И повсюду стражники оглашали его главную примету: «Один глаз — и тот кос».
Заканчивая речи, Клемент испарялся лужицей на солнце, так что только ветер, шевеля камыш, доносил его жалобу Творцу.
Раз на голой, как палка, дороге Клемента нагнал всадник. Он встал против солнца, и его лица не было видно.
— Так это ты утверждал, — грозно спросило темневшее на плечах пятно, — будто людские пороки — несовершенство Господа?
Клемент испугался.
— Всё простится, кроме хулы на Духа Святого, — защитился он Евангелием.
— Откуда тебе знать? — задумчиво спросил всадник. — Уж не ты ли писал этот дневник?

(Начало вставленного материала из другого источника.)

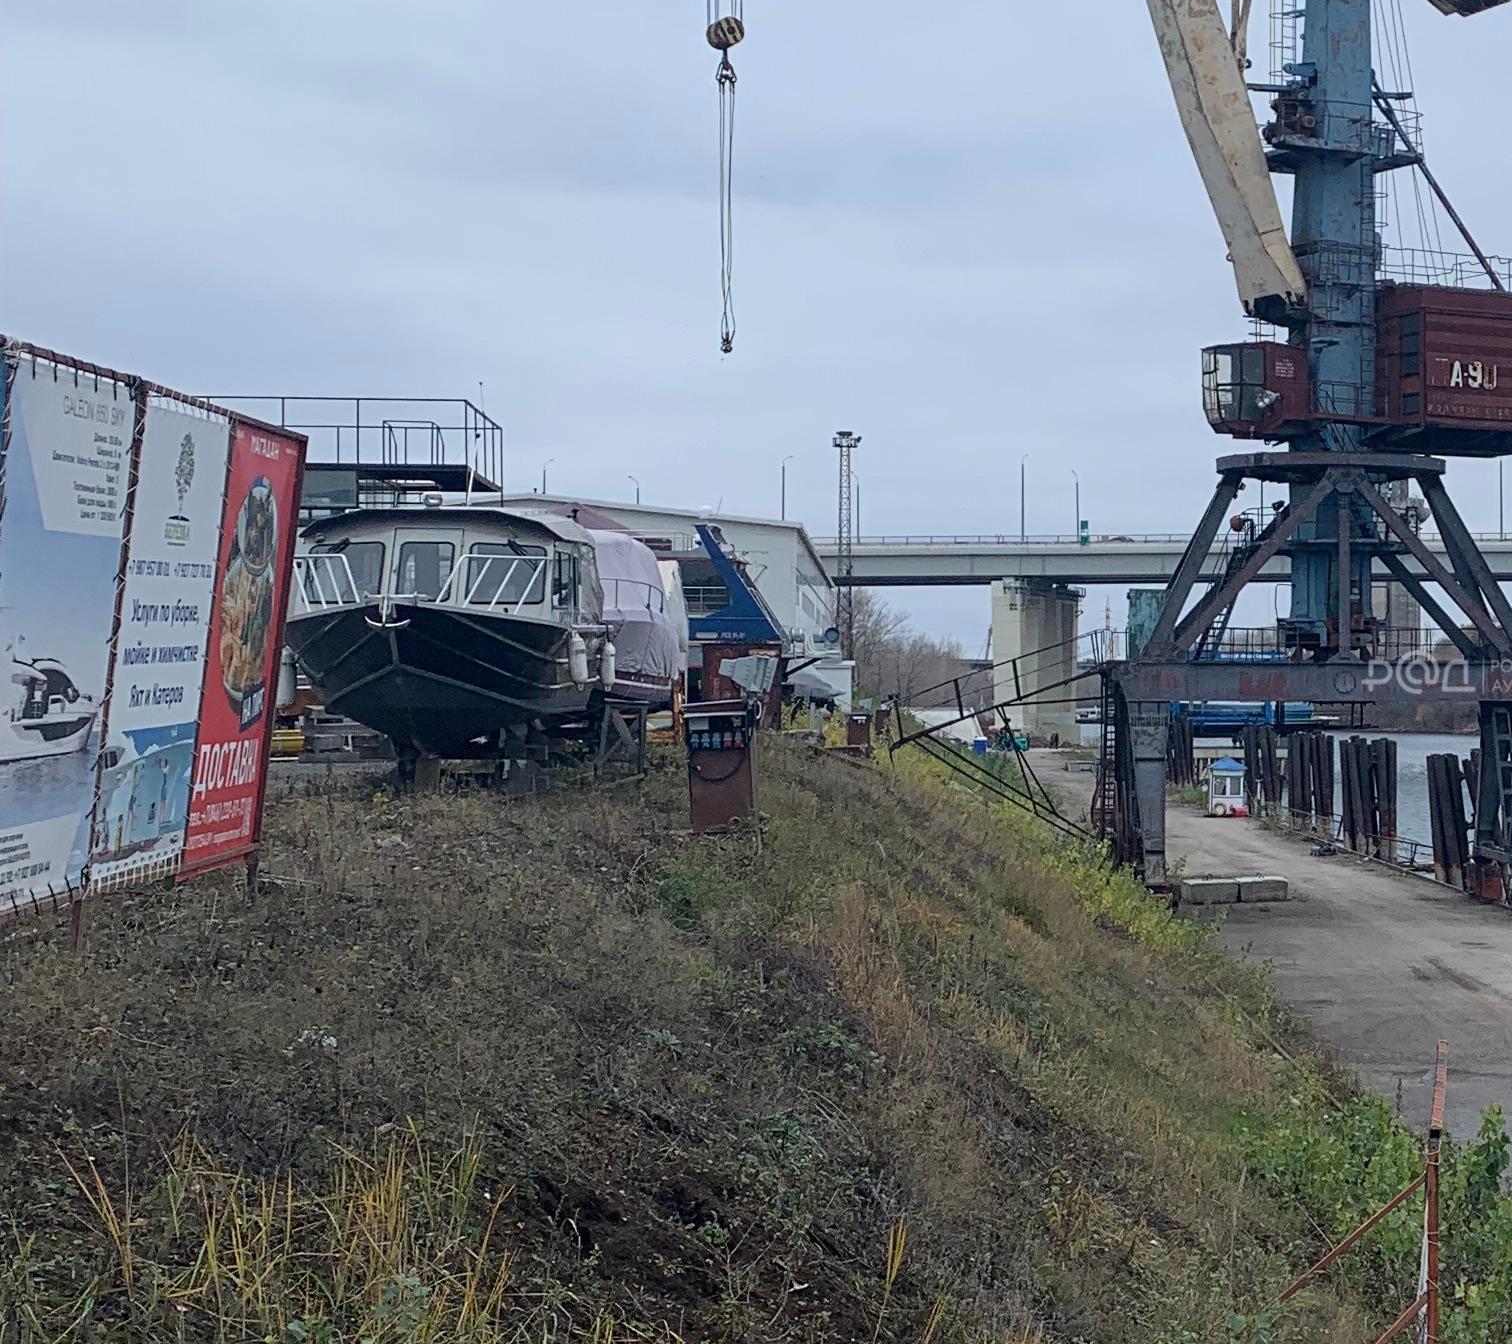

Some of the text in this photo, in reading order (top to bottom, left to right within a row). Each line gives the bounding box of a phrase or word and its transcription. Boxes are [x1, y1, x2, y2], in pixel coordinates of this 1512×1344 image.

Или тебя привлекли к Судебному протоколу?
Он вдруг рассыпался мелким смехом, и его конь из вороного стал бледным.
— Моя философия помогает жить… — пробормотал Клемент.
— А поможет ли она умереть? — опять рассмеялся всадник, будто разломил пополам яблоко.
И проткнул Клемента копьём.
Из-под копыт небо казалось с овчинку, так что Клемент прикрыл глаз.
Это последнее впечатление и стало его дневником.
«Отцы виноваты перед детьми, — думал Кондратов. — Они без спроса пригласили их в чужой, неприветливый дом…»
СТРАНИЦЫ, ПРИНАДЛЕЖАЩИЕ ВСЕМ ДНЯМ НЕДЕЛИ
Говоря, что человек без дневника — это пугало без тени, имеют в виду не ежедневные каракули, которые выводят от скуки. Настоящий дневник пишут симпатическими чернилами на невидимой бумаге. И он не совпадает с биографией — подлинный смысл происходящего сокрыт. Добраться до него труднее, чем до кощеевой смерти, молвленное про нас слово находится за семью морями и хранится за семью печатями.
Когда переворачивается последняя страница дневника, мы умираем. На Страшном Суде мы с удивлением читаем прожитое, выковыривая его из букв, становимся равными Богу, наблюдавшему со стороны Своё тело на кресте.
И на очной ставке с собой выносим себе приговор.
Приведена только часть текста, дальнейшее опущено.